Poderá gastar-se mais dinheiro, poderão acontecer algumas coisas desagradáveis aos doentes – que, aliás, acontecem em todo o lado –, mas que importa tal se o SNS Socialista foi salvo?

Porém, não basta salvar o SNS socialista. É preciso punir os responsáveis pela hecatombe: os médicos e os hospitais privados. Esquecendo a sua missão, os médicos começaram a debandar dos hospitais públicos para os privados, atraídos por melhores salários e melhores condições de trabalho. A serpente privada ofereceu-lhe uma maçã que não estava podre, o Dr. Adão e a Dra. Eva trincaram-na, mas quem foi expulso do paraíso foram os doentes. 
Que Esculápio lhes dê com o bastão das serpentes na cabeça.

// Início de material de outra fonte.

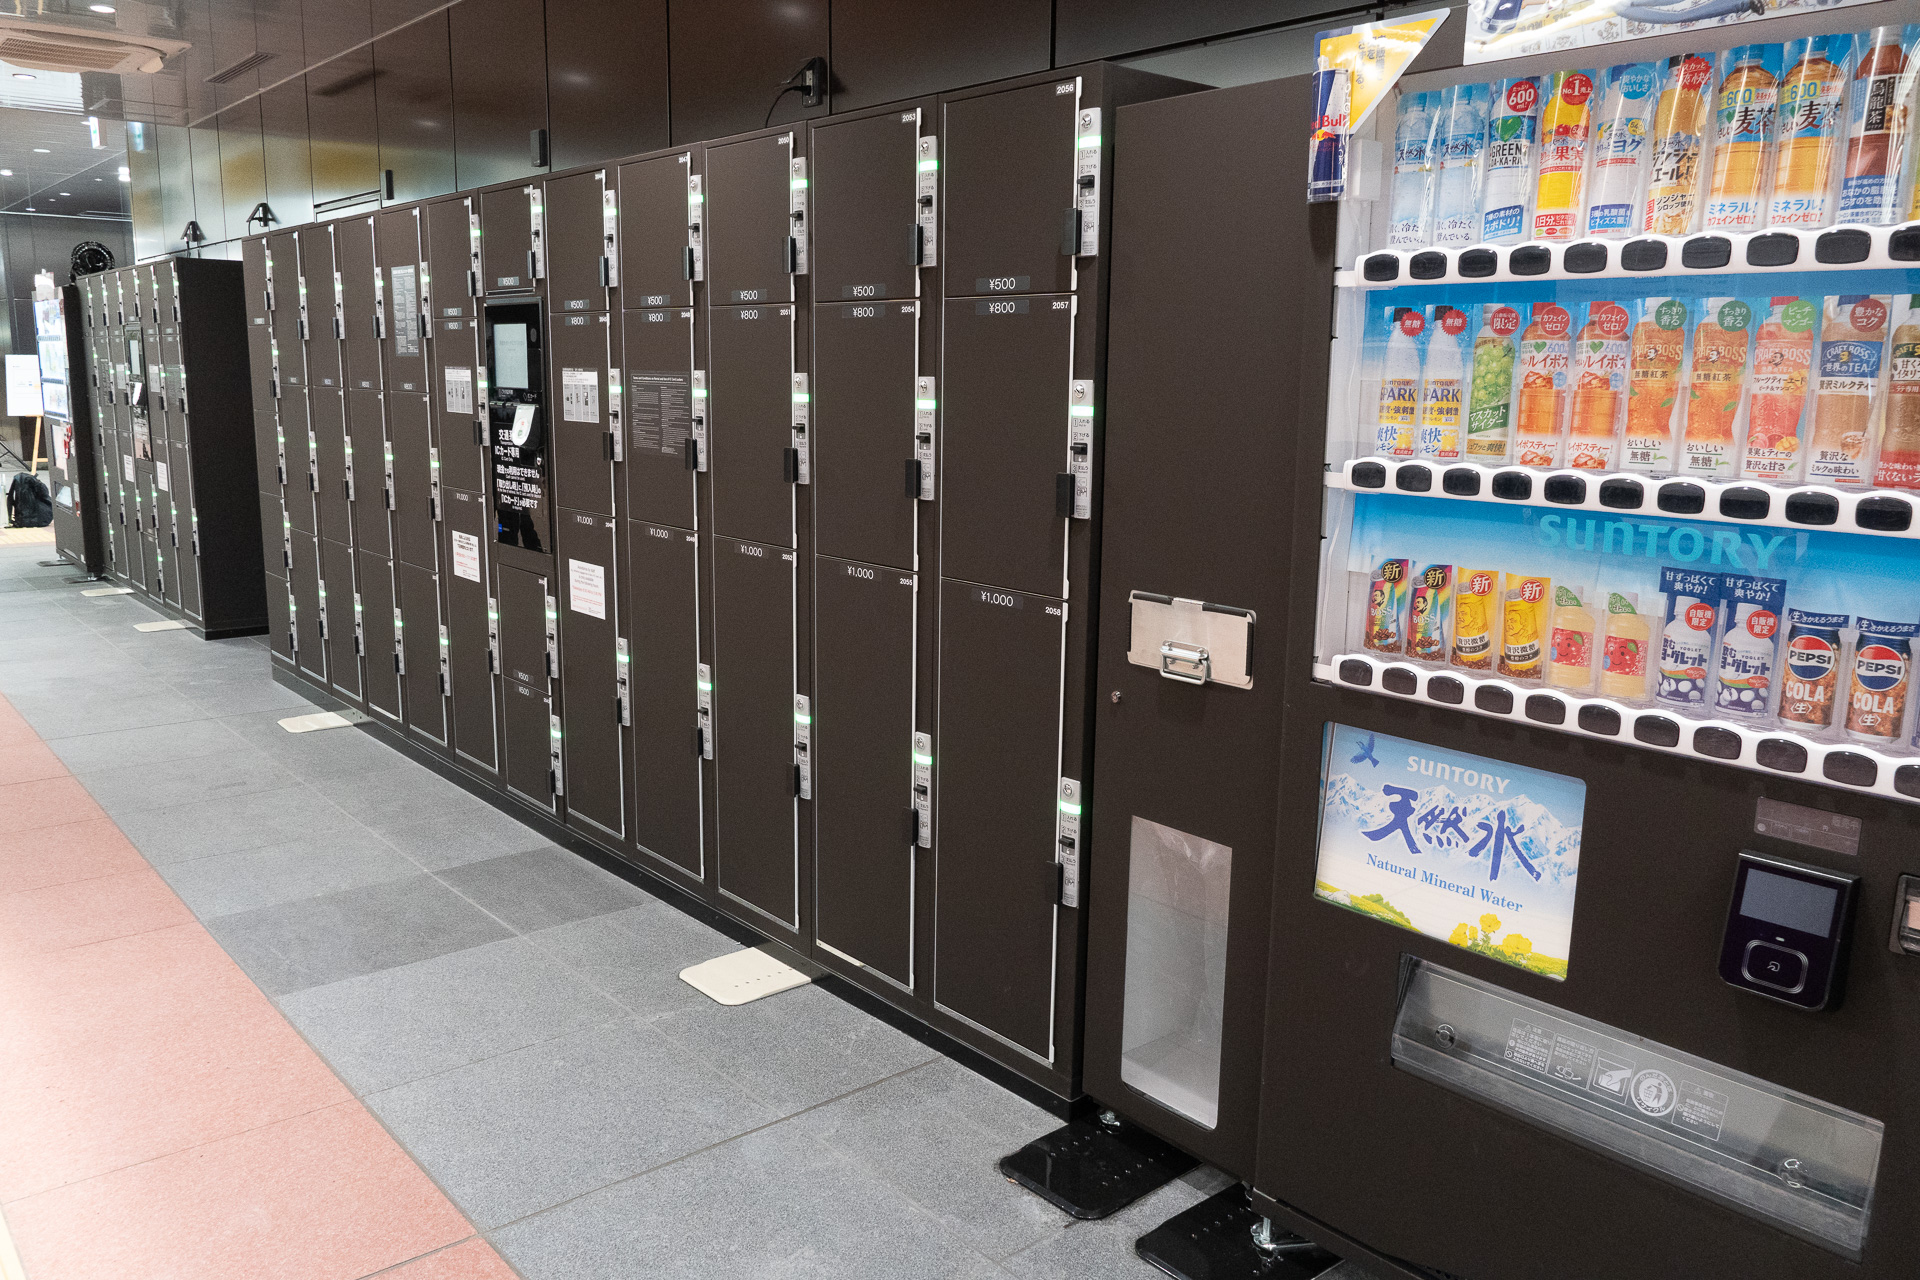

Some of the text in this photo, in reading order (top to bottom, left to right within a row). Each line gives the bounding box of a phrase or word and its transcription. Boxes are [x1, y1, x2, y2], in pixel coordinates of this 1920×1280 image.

[1056, 84, 1074, 94] 2056
[1622, 83, 1649, 93] おいしさ
[1791, 82, 1817, 100] 600
[1509, 88, 1535, 106] 600
[1727, 88, 1753, 106] 600
[902, 114, 916, 122] 2053
[777, 137, 790, 145] 2050
[1492, 143, 1522, 158] GREEN
[1709, 202, 1758, 215] ミネラル!
[1772, 199, 1825, 213] ミネラル!
[1707, 213, 1757, 225] カフェインゼロ!
[1771, 212, 1823, 225] カフェインゼロ!
[989, 278, 1016, 290] ¥500
[740, 290, 758, 300] ¥500
[853, 286, 875, 296] ¥500
[571, 300, 584, 309] ¥500
[648, 296, 663, 305] ¥500
[1052, 301, 1069, 310] 2057
[853, 307, 874, 317] ¥800
[989, 302, 1016, 314] ¥800
[1660, 306, 1683, 315] すっきり
[1722, 307, 1747, 316] すっきり
[1788, 306, 1813, 315] ピーチ
[1855, 307, 1883, 317] 豊かな
[649, 313, 664, 322] ¥800
[741, 310, 758, 320] ¥800
[1660, 315, 1680, 326] 香る
[571, 317, 584, 326] ¥800
[1403, 319, 1421, 328] 無糖
[1445, 317, 1463, 327] 無糖
[1493, 318, 1517, 330] 限定
[1545, 322, 1565, 331] ゼロ!
[1603, 322, 1623, 331] ゼロ!
[1723, 316, 1744, 327] 香る
[1783, 317, 1813, 327] マンゴー
[1856, 318, 1878, 328] コク
[1656, 344, 1683, 360] BOSS
[1719, 346, 1747, 363] BOSS
[1782, 347, 1811, 365] BOSS
[1849, 345, 1871, 359] BOSS
[1825, 363, 1868, 373] 世界のTEA
[1380, 387, 1417, 402] PARK
[1423, 388, 1461, 402] PARK
[1470, 406, 1506, 422] マスカット
[1471, 416, 1504, 431] サイダー
[1627, 438, 1662, 448] おいしい
[1686, 442, 1724, 452] おいしい
[1629, 451, 1650, 462] 無糖
[1747, 447, 1792, 458] 果実とティーの
[1819, 450, 1849, 461] 贅沢な
[1690, 456, 1712, 467] 無糖
[1811, 465, 1860, 475] ミルクの味わい
[577, 515, 593, 526] ¥1,000
[650, 527, 669, 539] ¥1,000
[740, 544, 763, 557] ¥1,000
[847, 565, 874, 580] ¥1,000
[1383, 563, 1400, 580] 新
[900, 578, 913, 586] 2055
[1426, 569, 1444, 586] 新
[1666, 571, 1717, 586] 甘ずっぱくて
[1472, 576, 1491, 593] 新
[1674, 583, 1708, 595] 爽やか!
[1726, 577, 1780, 593] 甘ずっぱくて
[1522, 582, 1542, 600] 新
[1734, 589, 1771, 602] 爽やか!
[981, 591, 1014, 607] ¥1,000
[1045, 606, 1061, 616] 2058
[1370, 606, 1392, 616] BOSS
[1689, 609, 1712, 619] 自販機
[1413, 613, 1436, 624] BOSS
[1691, 618, 1707, 627] 限定
[1751, 616, 1775, 626] 自販機
[1753, 625, 1769, 635] 限定
[1789, 650, 1832, 665] PEPSI
[1857, 660, 1902, 676] PEPSI
[1786, 681, 1824, 703] COLA
[1853, 691, 1894, 715] COLA
[1361, 784, 1542, 882] 天然水
[1366, 853, 1523, 913] Natural Mineral Water

Veja-se o exemplo contrário dos pais da medicina. Hipócrates nunca abandonou o Sistema Nacional de Saúde Grego; Galeno preferiu tratar os gladiadores romanos a enriquecer; Amato Lusitano, Garcia da Horta e Miguel Bombarda recusaram os convites que a Fundação Champalimaud lhes endereçou. Eram gente de outra cepa, que não tinham sindicatos, nem iam fazer queixinhas à televisão. Não eram «gajos, cobardes».

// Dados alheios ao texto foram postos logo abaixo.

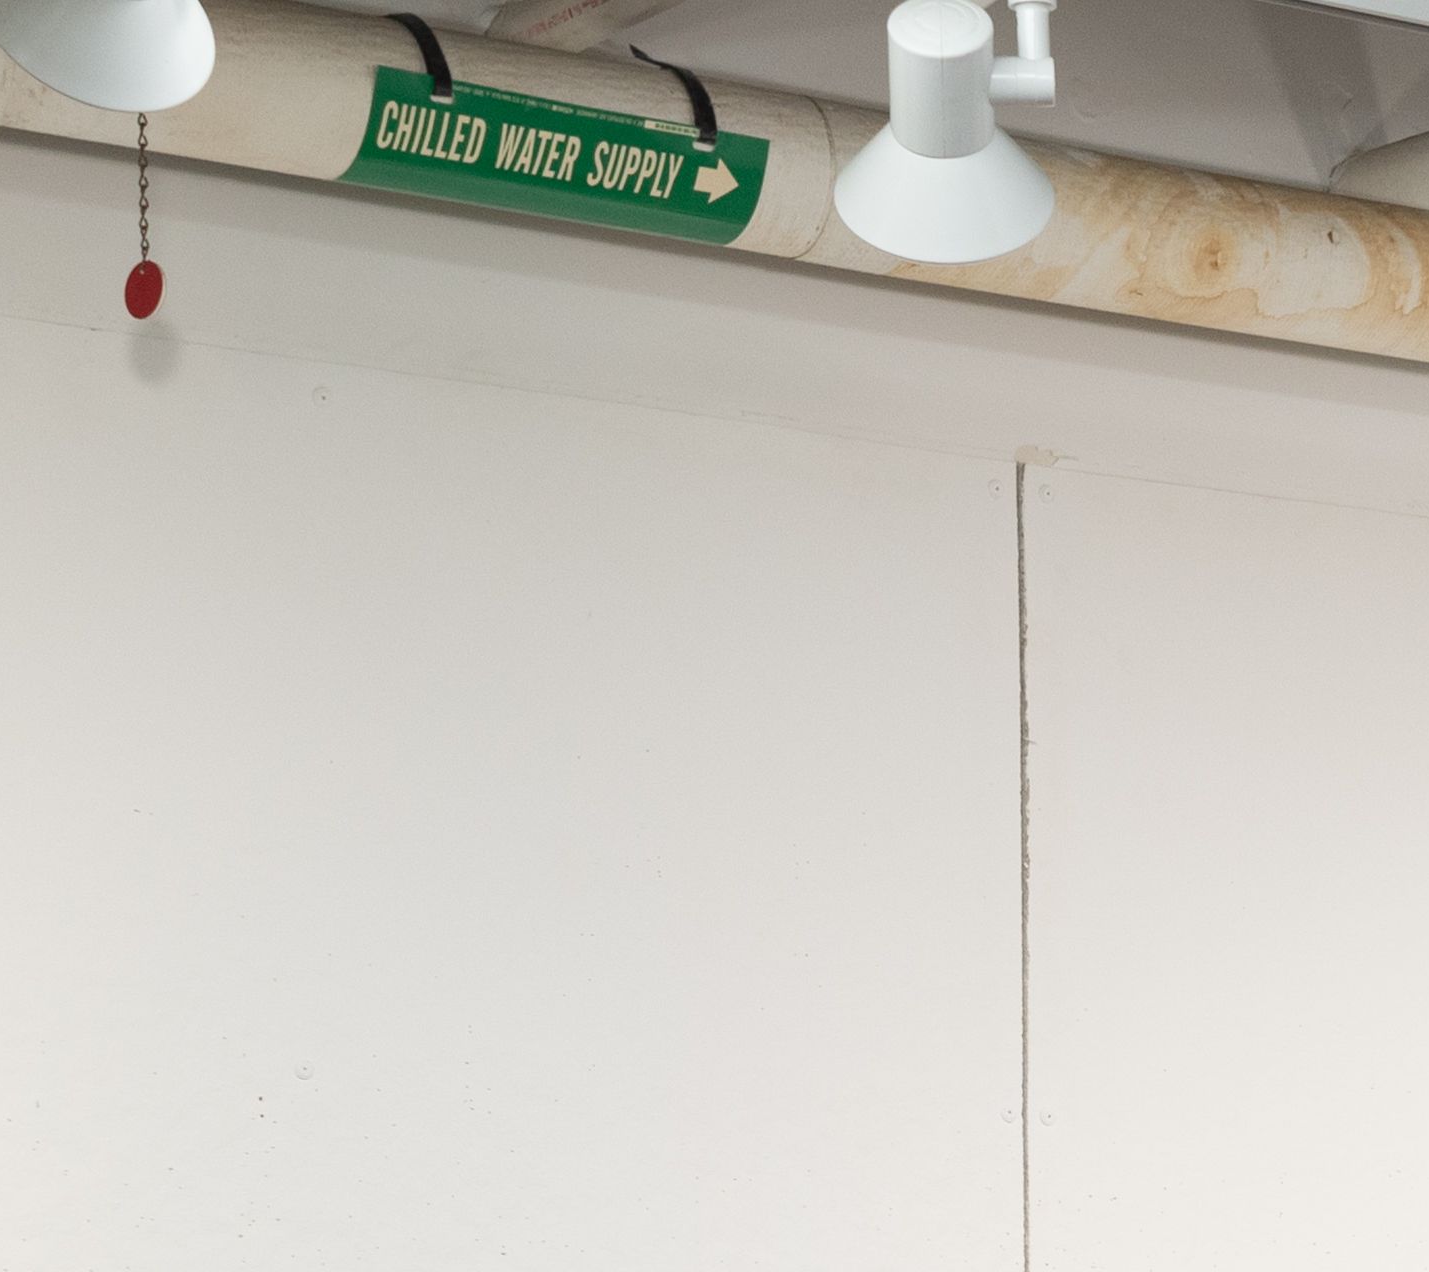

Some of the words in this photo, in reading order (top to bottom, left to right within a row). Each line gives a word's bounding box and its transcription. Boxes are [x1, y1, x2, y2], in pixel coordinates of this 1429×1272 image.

[376, 100, 487, 164] CHILLED
[495, 123, 581, 181] WATER
[586, 141, 684, 199] SUPPLY

A ministra Marta Temido não tem, pois, de negociar com estes médicos e médicas que usam os estetoscópios para descobrir onde tilintam as moedas. Tem, sim, de prosseguir a sua política de combate às negociatas da saúde privada e atingir o desejável corolário: o fecho dos hospitais e das clínicas privadas. Depois, basta impor o termo de identidade e residência aos médicos para eles não emigrarem, pulseiras eletrónicas e algemas para os recalcitrantes, importar uns cubanos habituados a trabalhar de borla, afastar jornalistas abelhudos das urgências, e já está

O Sistema Nacional de Saúde Socialista será salvo. E os hospitais espanhóis não ficam assim tão longe.